* TASK TO CARRY OUT:
The copy you give must match the listing below exactly and contain no pictures.

** Opening DATA FOR THE TASK block **

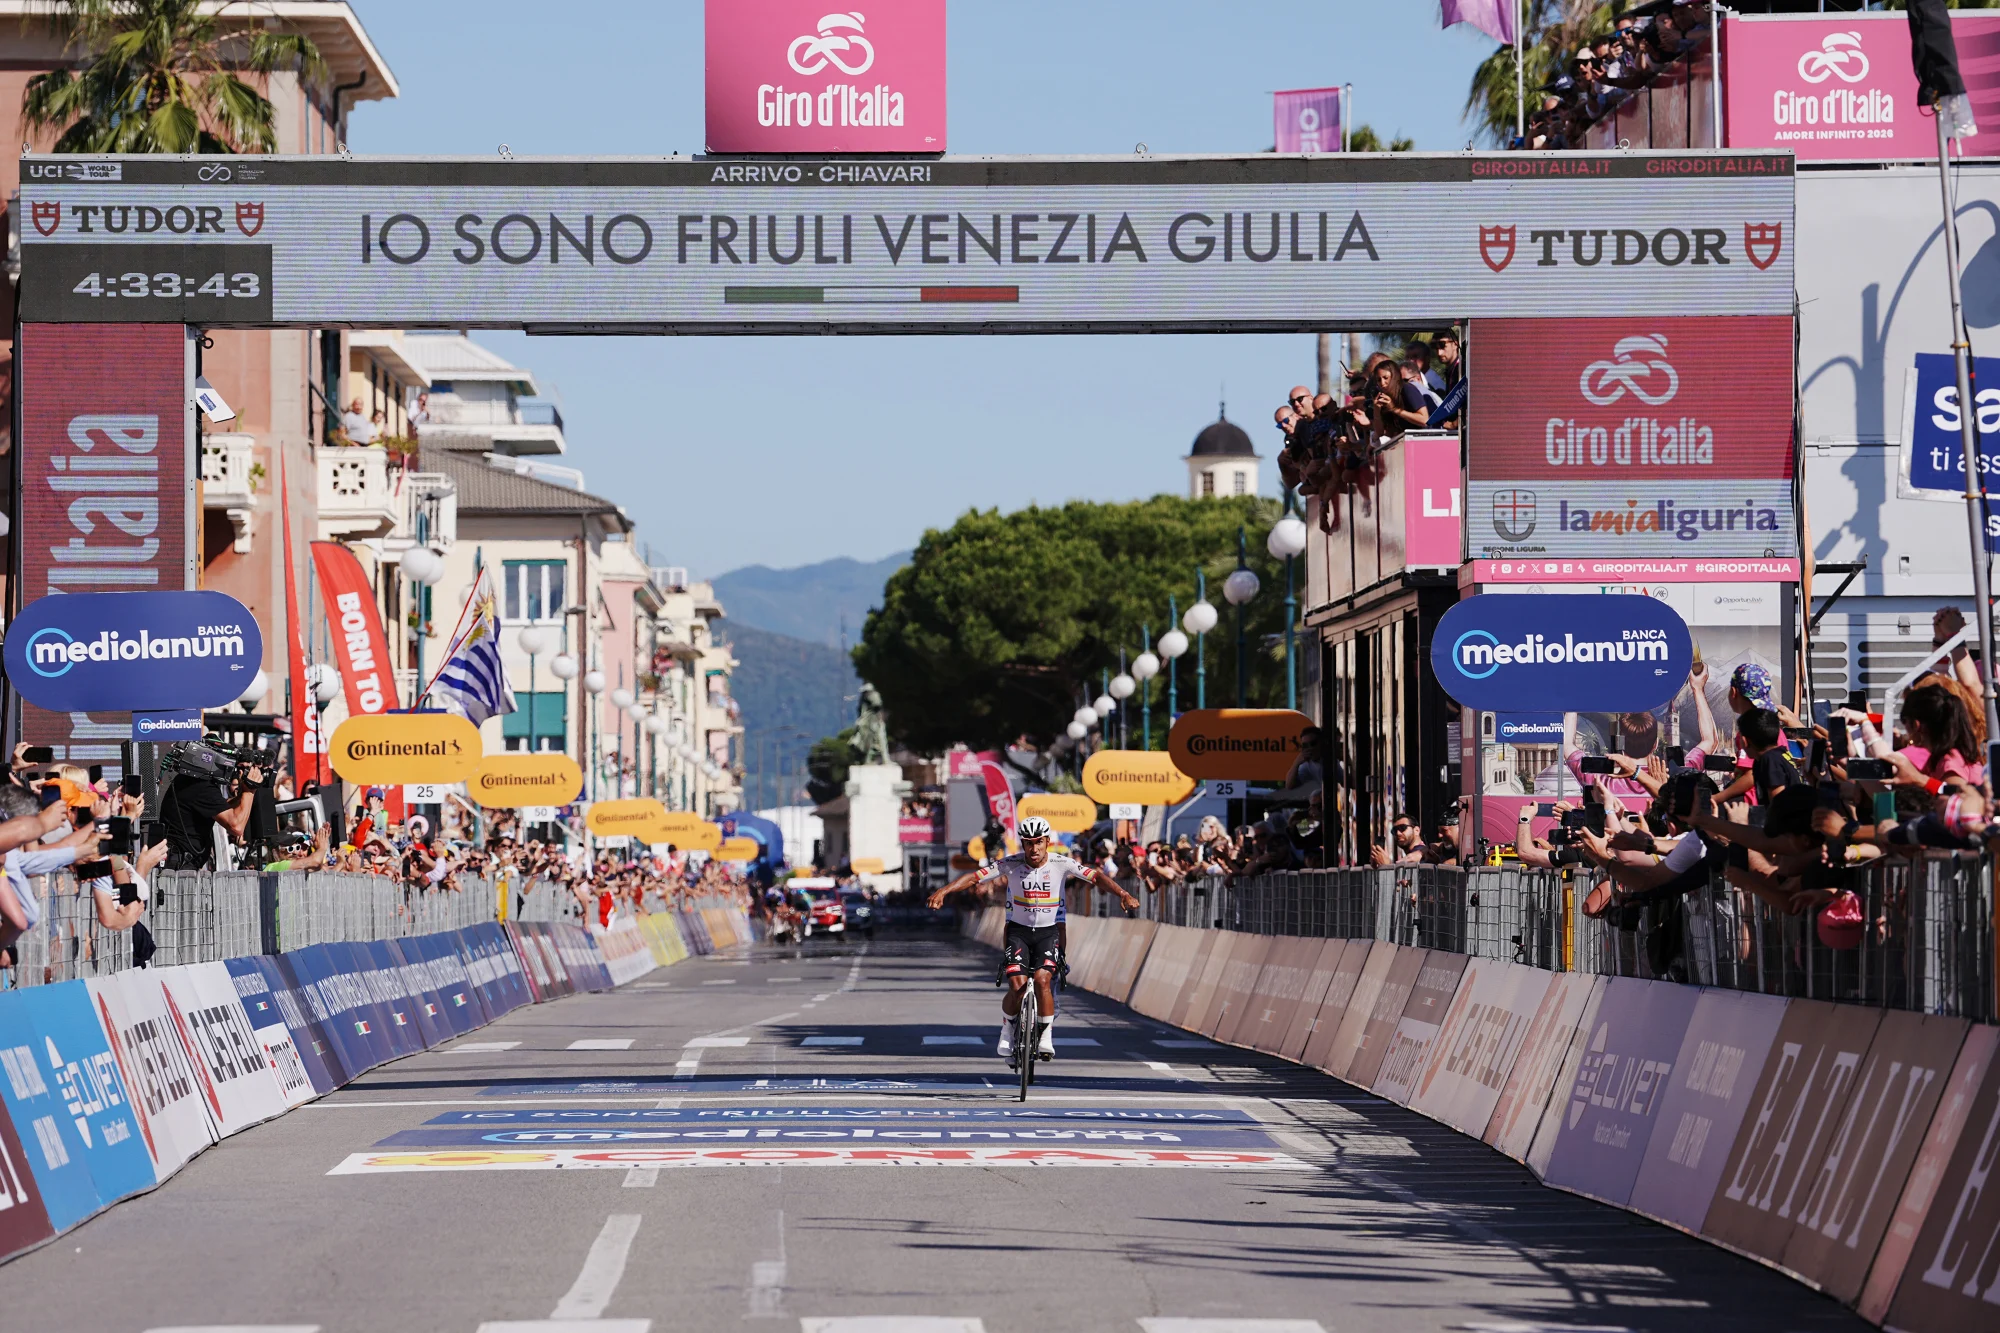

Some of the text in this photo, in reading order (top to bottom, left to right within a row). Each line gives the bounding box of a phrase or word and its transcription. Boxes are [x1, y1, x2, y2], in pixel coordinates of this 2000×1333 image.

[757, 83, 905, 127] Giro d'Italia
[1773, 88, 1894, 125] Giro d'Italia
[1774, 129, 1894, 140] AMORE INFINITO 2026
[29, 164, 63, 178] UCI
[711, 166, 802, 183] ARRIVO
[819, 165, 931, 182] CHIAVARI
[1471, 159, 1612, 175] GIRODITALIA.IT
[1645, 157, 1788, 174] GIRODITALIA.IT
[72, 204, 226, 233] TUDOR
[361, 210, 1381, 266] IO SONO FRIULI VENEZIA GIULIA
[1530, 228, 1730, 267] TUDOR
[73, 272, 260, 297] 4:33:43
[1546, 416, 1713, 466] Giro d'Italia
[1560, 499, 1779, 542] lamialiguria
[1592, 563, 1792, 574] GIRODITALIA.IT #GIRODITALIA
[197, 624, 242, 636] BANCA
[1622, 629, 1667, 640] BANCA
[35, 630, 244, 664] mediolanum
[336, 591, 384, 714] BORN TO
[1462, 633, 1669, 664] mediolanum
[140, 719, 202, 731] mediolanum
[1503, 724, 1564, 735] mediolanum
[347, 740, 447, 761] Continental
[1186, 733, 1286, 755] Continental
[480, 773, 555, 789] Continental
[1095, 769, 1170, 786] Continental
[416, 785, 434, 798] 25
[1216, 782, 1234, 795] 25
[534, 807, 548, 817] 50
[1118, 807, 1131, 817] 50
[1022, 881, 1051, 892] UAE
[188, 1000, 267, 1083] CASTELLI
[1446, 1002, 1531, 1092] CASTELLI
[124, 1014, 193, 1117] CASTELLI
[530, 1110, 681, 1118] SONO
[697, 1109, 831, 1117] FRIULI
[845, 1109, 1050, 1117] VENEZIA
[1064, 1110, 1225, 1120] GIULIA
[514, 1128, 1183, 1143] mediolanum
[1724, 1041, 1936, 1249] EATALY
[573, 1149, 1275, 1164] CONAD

** Closing DATA FOR THE TASK block **

* TASK RESULT:
Some of the text in this photo, in reading order (top to bottom, left to right within a row). Each line gives the bounding box of a phrase or word and its transcription. Boxes are [x1, y1, x2, y2], in pixel coordinates of this 2000×1333 image.

[757, 83, 905, 127] Giro d'Italia
[1773, 88, 1894, 125] Giro d'Italia
[1774, 129, 1894, 140] AMORE INFINITO 2026
[29, 164, 63, 178] UCI
[711, 166, 802, 183] ARRIVO
[819, 165, 931, 182] CHIAVARI
[1471, 159, 1612, 175] GIRODITALIA.IT
[1645, 157, 1788, 174] GIRODITALIA.IT
[72, 204, 226, 233] TUDOR
[361, 210, 1381, 266] IO SONO FRIULI VENEZIA GIULIA
[1530, 228, 1730, 267] TUDOR
[73, 272, 260, 297] 4:33:43
[1546, 416, 1713, 466] Giro d'Italia
[1560, 499, 1779, 542] lamialiguria
[1592, 563, 1792, 574] GIRODITALIA.IT #GIRODITALIA
[197, 624, 242, 636] BANCA
[1622, 629, 1667, 640] BANCA
[35, 630, 244, 664] mediolanum
[336, 591, 384, 714] BORN TO
[1462, 633, 1669, 664] mediolanum
[140, 719, 202, 731] mediolanum
[1503, 724, 1564, 735] mediolanum
[347, 740, 447, 761] Continental
[1186, 733, 1286, 755] Continental
[480, 773, 555, 789] Continental
[1095, 769, 1170, 786] Continental
[416, 785, 434, 798] 25
[1216, 782, 1234, 795] 25
[534, 807, 548, 817] 50
[1118, 807, 1131, 817] 50
[1022, 881, 1051, 892] UAE
[188, 1000, 267, 1083] CASTELLI
[1446, 1002, 1531, 1092] CASTELLI
[124, 1014, 193, 1117] CASTELLI
[530, 1110, 681, 1118] SONO
[697, 1109, 831, 1117] FRIULI
[845, 1109, 1050, 1117] VENEZIA
[1064, 1110, 1225, 1120] GIULIA
[514, 1128, 1183, 1143] mediolanum
[1724, 1041, 1936, 1249] EATALY
[573, 1149, 1275, 1164] CONAD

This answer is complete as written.